• [WHAT IS EXPECTED] Write down the whole listing below again without changing a word.
==== TASK MATERIAL
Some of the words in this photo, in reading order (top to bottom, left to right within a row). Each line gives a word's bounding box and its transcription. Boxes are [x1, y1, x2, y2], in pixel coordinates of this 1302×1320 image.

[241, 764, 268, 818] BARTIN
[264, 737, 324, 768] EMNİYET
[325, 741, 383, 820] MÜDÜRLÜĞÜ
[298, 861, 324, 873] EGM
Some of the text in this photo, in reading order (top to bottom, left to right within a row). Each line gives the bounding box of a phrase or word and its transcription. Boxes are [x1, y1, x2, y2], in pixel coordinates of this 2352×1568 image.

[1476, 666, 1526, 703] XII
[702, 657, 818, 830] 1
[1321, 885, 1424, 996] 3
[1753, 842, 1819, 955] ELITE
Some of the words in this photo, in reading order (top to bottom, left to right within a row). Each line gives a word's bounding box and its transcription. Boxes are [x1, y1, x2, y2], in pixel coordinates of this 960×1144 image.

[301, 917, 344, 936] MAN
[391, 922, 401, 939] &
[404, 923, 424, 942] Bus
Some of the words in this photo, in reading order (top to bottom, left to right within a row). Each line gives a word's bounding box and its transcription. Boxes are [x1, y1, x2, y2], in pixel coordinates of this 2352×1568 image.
========
• [RESULT FOR THIS EXERCISE]
Some of the words in this photo, in reading order (top to bottom, left to right within a row). Each line gives a word's bounding box and its transcription. Boxes are [x1, y1, x2, y2], in pixel coordinates of this 1302×1320 image.

[241, 764, 268, 818] BARTIN
[264, 737, 324, 768] EMNİYET
[325, 741, 383, 820] MÜDÜRLÜĞÜ
[298, 861, 324, 873] EGM
Some of the text in this photo, in reading order (top to bottom, left to right within a row). Each line gives the bounding box of a phrase or word and its transcription. Boxes are [x1, y1, x2, y2], in pixel coordinates of this 2352×1568 image.

[1476, 666, 1526, 703] XII
[702, 657, 818, 830] 1
[1321, 885, 1424, 996] 3
[1753, 842, 1819, 955] ELITE
Some of the words in this photo, in reading order (top to bottom, left to right within a row). Each line gives a word's bounding box and its transcription. Boxes are [x1, y1, x2, y2], in pixel coordinates of this 960×1144 image.

[301, 917, 344, 936] MAN
[391, 922, 401, 939] &
[404, 923, 424, 942] Bus
Some of the words in this photo, in reading order (top to bottom, left to right within a row). Each line gives a word's bounding box and its transcription. Boxes are [x1, y1, x2, y2], in pixel coordinates of this 2352×1568 image.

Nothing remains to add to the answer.